- Directed by: Stelvio Massi
- Screenplay by: José Sanchez; Marino Girolami;
- Story by: José Sanchez; Marino Girolami; Vincenzo Mannino;
- Starring: Maurizio Merli
- Cinematography: Pier Luigi Santi
- Edited by: Mauro Bonannni
- Music by: Stelvio Cipriani
- Production company: 3C Cooperativa Cinematografica
- Distributed by: Simba Film
- Release date: 27 September 1979 (Italy);
- Running time: 103 minutes
- Country: Italy
- Box office: ₤329 million

= Hunted City =

Hunted City (Sbirro, la tua legge è lenta... la mia no! lit. 'Cop...Your Law is Slow, Mine Isn't!') is a 1979 Italian poliziottesco film directed by Stelvio Massi. It represents one of the few negative roles for Merola.

==Production==
Hunted City was the fifth collaboration between actor Maurizio Merli and director Stelvio Massi.

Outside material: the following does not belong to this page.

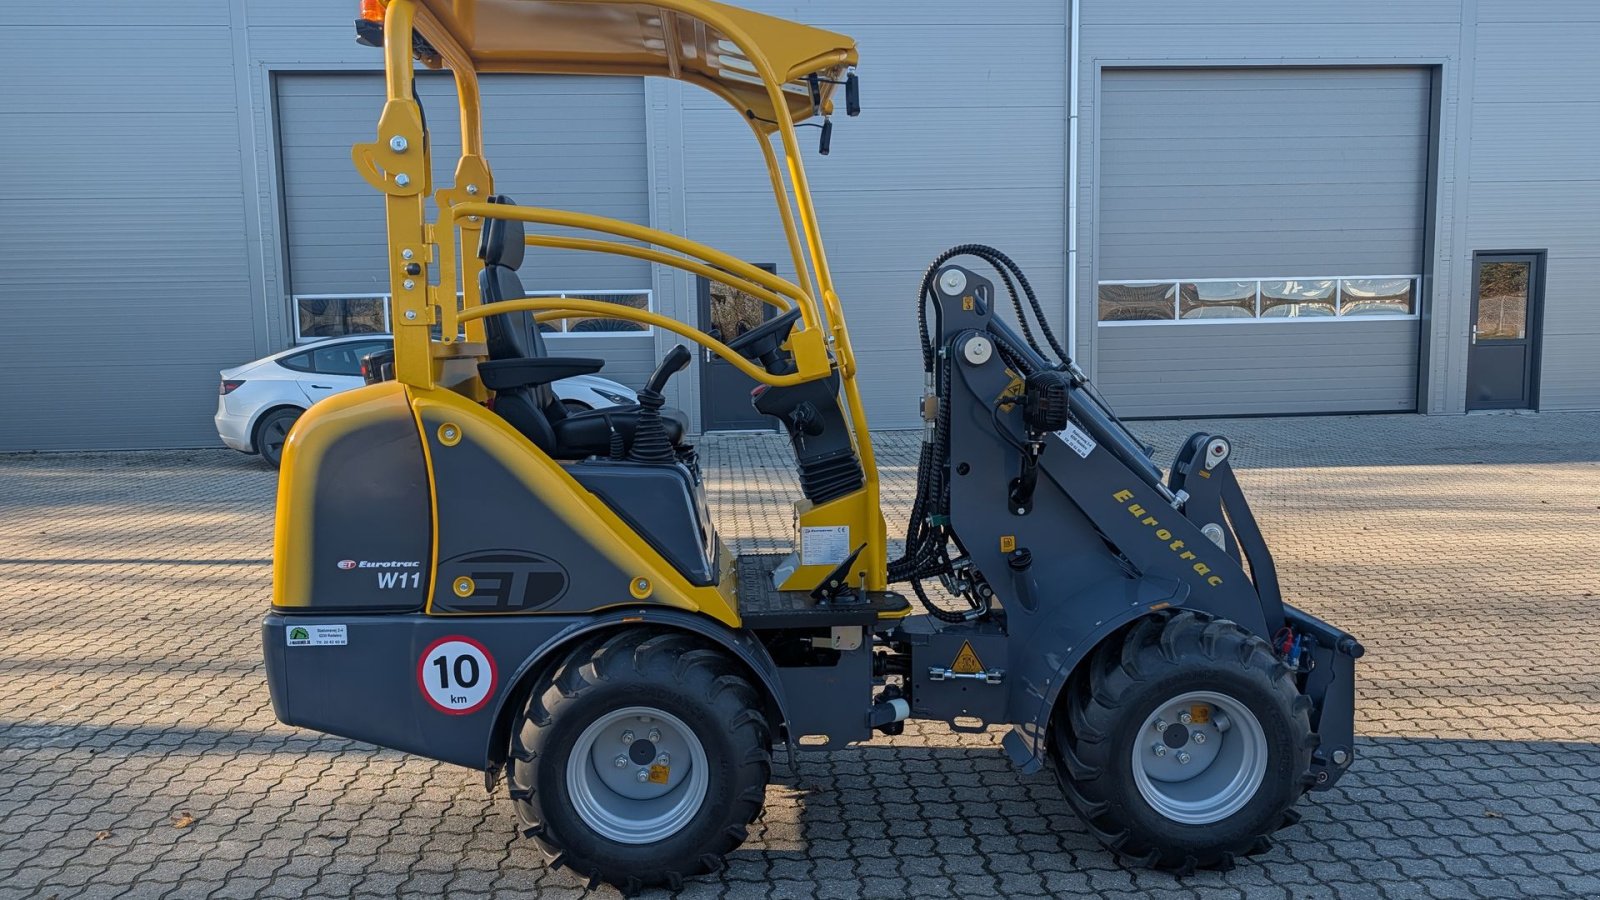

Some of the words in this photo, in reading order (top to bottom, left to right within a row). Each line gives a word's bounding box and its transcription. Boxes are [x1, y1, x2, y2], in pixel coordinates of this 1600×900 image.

The film was shot at Incet-de Paolis in Milan and on location in Milano.

== Cast ==
- Maurizio Merli: Commissioner Paolo Ferro
- Mario Merola: Raffaele Acampora
- Carmen Scarpitta: Ferro's sister
- Francisco Rabal: don Alfonso
- Massimo Dapporto: Stefano

==Release==
Hunted City was distributed theatrically in Italy by Simba Film on 27 September 1979. The film grossed a total of 329 million Italian lire domestically.